Task details:
If an entry holds a picture, drop the picture but restate the entry word for word.

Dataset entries
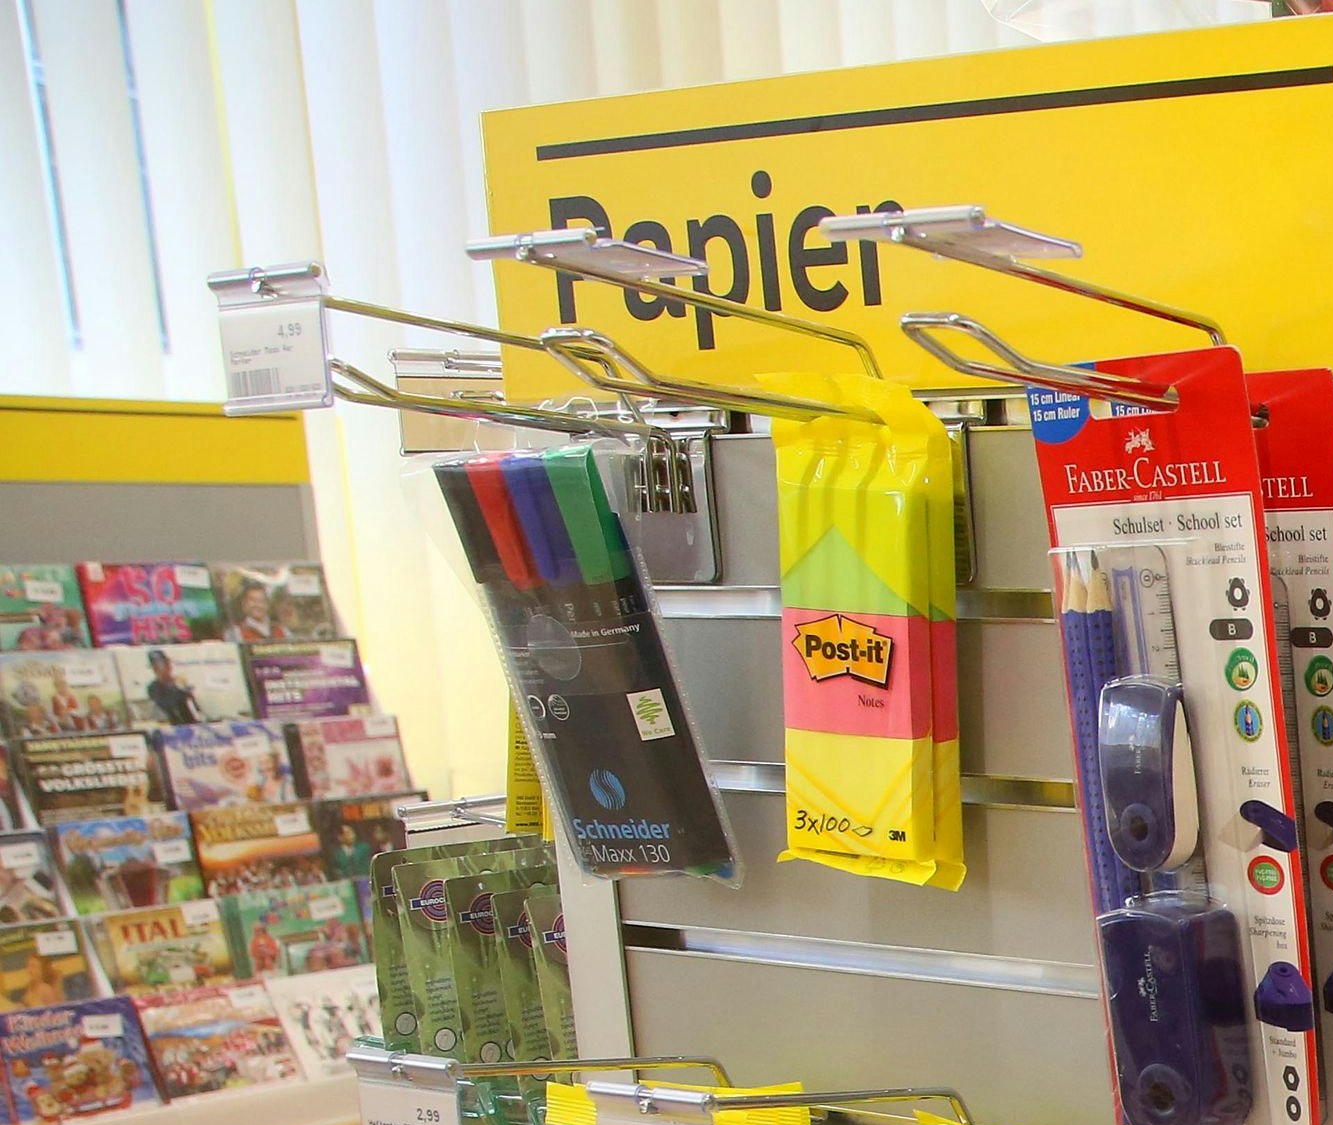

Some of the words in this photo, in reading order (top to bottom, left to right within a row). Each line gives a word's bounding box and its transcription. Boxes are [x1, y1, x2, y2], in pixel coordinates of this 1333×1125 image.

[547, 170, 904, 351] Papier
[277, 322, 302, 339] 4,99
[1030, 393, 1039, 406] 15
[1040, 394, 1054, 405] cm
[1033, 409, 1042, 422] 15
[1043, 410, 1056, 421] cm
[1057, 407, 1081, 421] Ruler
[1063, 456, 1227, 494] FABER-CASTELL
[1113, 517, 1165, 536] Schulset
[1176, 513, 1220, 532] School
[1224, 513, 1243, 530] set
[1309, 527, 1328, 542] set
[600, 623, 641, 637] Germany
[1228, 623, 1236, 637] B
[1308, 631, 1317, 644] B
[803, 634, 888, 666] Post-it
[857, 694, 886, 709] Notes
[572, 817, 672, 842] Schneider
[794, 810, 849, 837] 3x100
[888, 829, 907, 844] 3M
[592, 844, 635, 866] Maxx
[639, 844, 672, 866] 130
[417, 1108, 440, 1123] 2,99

Reply:
Some of the words in this photo, in reading order (top to bottom, left to right within a row). Each line gives a word's bounding box and its transcription. Boxes are [x1, y1, x2, y2], in pixel coordinates of this 1333×1125 image.

[547, 170, 904, 351] Papier
[277, 322, 302, 339] 4,99
[1030, 393, 1039, 406] 15
[1040, 394, 1054, 405] cm
[1033, 409, 1042, 422] 15
[1043, 410, 1056, 421] cm
[1057, 407, 1081, 421] Ruler
[1063, 456, 1227, 494] FABER-CASTELL
[1113, 517, 1165, 536] Schulset
[1176, 513, 1220, 532] School
[1224, 513, 1243, 530] set
[1309, 527, 1328, 542] set
[600, 623, 641, 637] Germany
[1228, 623, 1236, 637] B
[1308, 631, 1317, 644] B
[803, 634, 888, 666] Post-it
[857, 694, 886, 709] Notes
[572, 817, 672, 842] Schneider
[794, 810, 849, 837] 3x100
[888, 829, 907, 844] 3M
[592, 844, 635, 866] Maxx
[639, 844, 672, 866] 130
[417, 1108, 440, 1123] 2,99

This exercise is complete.